How painful? Goldman Sachs forecast 2.5 million new jobless claims, about four times the peak of the Great Recession. It’s hard for some to comprehend the crisis and to weigh an abstract catastrophe they don’t fully grasp against that kind of economic toll.

Certainly that is true of 17 rural county commissioners, who wrote a letter to Herbert last week blasting the state for a pandemic response that “absolutely and in no way supports the levels of concern that have been raised and the panic that has spread.”

“I think a week from now people are going to say, ’What were we thinking with that coronavirus thing?’” Rep. Phil Lyman, a former San Juan County commissioner who also signed the letter, told my colleague, Taylor Stevens.

And maybe the geographic dispersal means rural Utah won’t get hit as hard as urban areas. But they are also the least equipped to respond.

According to the Kaiser Family Foundation, San Juan County and the five adjacent Utah counties combined have a total of one intensive care bed.

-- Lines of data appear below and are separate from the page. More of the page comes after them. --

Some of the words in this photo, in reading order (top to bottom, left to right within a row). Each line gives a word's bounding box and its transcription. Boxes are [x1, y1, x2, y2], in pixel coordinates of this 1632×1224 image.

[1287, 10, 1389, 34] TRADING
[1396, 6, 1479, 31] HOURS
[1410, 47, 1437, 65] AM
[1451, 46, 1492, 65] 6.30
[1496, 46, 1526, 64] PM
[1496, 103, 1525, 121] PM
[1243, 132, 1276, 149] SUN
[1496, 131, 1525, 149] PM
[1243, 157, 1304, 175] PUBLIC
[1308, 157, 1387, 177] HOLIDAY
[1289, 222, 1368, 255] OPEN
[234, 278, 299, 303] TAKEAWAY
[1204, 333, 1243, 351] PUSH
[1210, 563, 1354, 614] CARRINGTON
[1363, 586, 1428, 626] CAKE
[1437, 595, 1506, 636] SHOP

Grand County, which borders San Juan County was pleading with visitors to not come to Moab and Arches National Park. They closed hotels and restaurants because they don’t have the medical capacity to treat people if they get sick.

Within five days of the commissioners sending their letter, the number of confirmed COVID-19 cases in Utah quadrupled.

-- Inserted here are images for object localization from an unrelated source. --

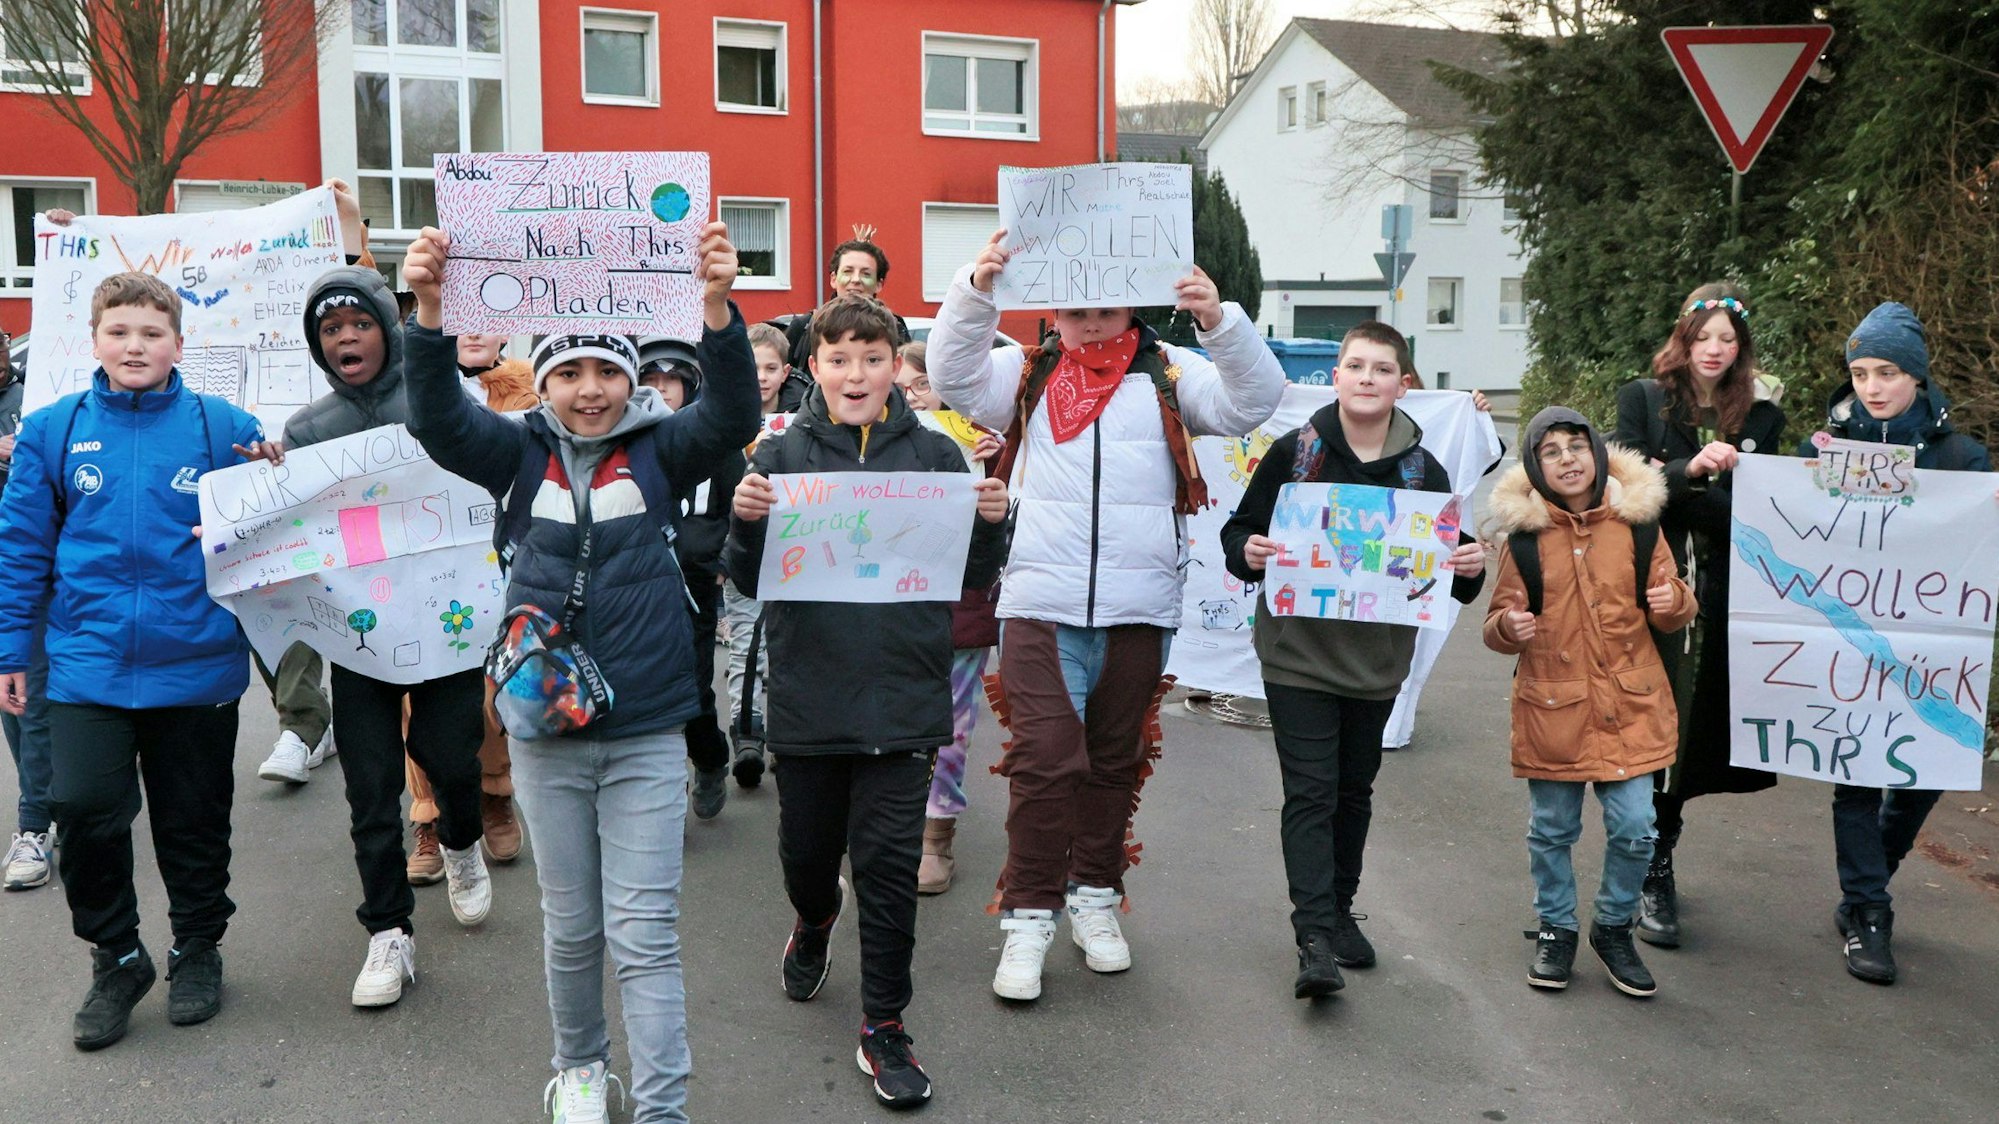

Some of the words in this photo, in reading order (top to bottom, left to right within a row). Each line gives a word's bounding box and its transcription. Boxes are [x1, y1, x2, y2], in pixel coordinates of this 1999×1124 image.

[444, 158, 493, 181] Abdou
[494, 157, 642, 211] Zurück
[1007, 173, 1079, 219] WIR
[1101, 167, 1145, 191] Thrs
[38, 232, 100, 260] THRS
[526, 226, 596, 260] Nach
[618, 225, 685, 258] Thrs
[1018, 215, 1180, 260] WOLLEN
[182, 265, 208, 288] 5B
[253, 255, 284, 275] ARDA
[1021, 259, 1142, 304] ZURÜCK
[267, 280, 305, 299] Felix
[70, 440, 102, 454] JAKO
[1821, 450, 1906, 494] THRS
[782, 476, 841, 508] Wir
[1769, 496, 1898, 551] Wir
[571, 643, 606, 703] UNDER
[1539, 932, 1556, 940] FILA

And, as Pavia points out, the testing we’re doing now only detects people who were infected 10-12 days ago, since it takes about five days before the first symptoms arise and another week before they are bad enough to require medical attention.

The real infection rate, he said, “is a couple-fold higher at a minimum. It’s 10-fold higher at the outside.”

And that is why the message, especially from elected leaders, can’t be: It’s overblown. No big deal.

A while back Brent Steele, chairman of the political science department at the University of Utah, teamed with a friend who was an expert in infectious diseases to study how different countries reacted to the flu outbreaks in 1918. There was a striking contrast, Steele said, between the rates of death in places like Australia, that took aggressive steps to stop the spread, and Italy, which did not.

The United States was a mixed bag. Some cities moved right away and flattened the curve while places like Philadelphia went ahead with parades and public gatherings and saw rapid spread. We’re seeing that play out again.

“Certain parts of U.S. society, including U.S. politicians, didn’t take [the coronavirus] seriously enough and if we had we might not be in this situation,” Steele told me. “But the situation we’re in right now could get even worse if we don’t take it more seriously.”

The other thing we need to understand is that it will be months before some semblance of normalcy returns to our lives.

“We know we are at the very beginning of this epidemic,” Dunn said last week. “Outbreaks like this can be expected to last several months and we really need to make sure we’re ensuring the capacity of our health care system.”

Yes, we need comfort and reassurance in times like this. Yes, we will get through this. Life will go on and, at some point, return to normal.

We also need to understand that, in the meantime, there will be pain and sacrifice and that this pandemic will get worse before it gets better. Utahns will die. Maybe hundreds, hopefully not more.

But it has the potential to be much more deadly if each of us don’t grasp the danger we are facing and do all that we can to prevent the worst from happening.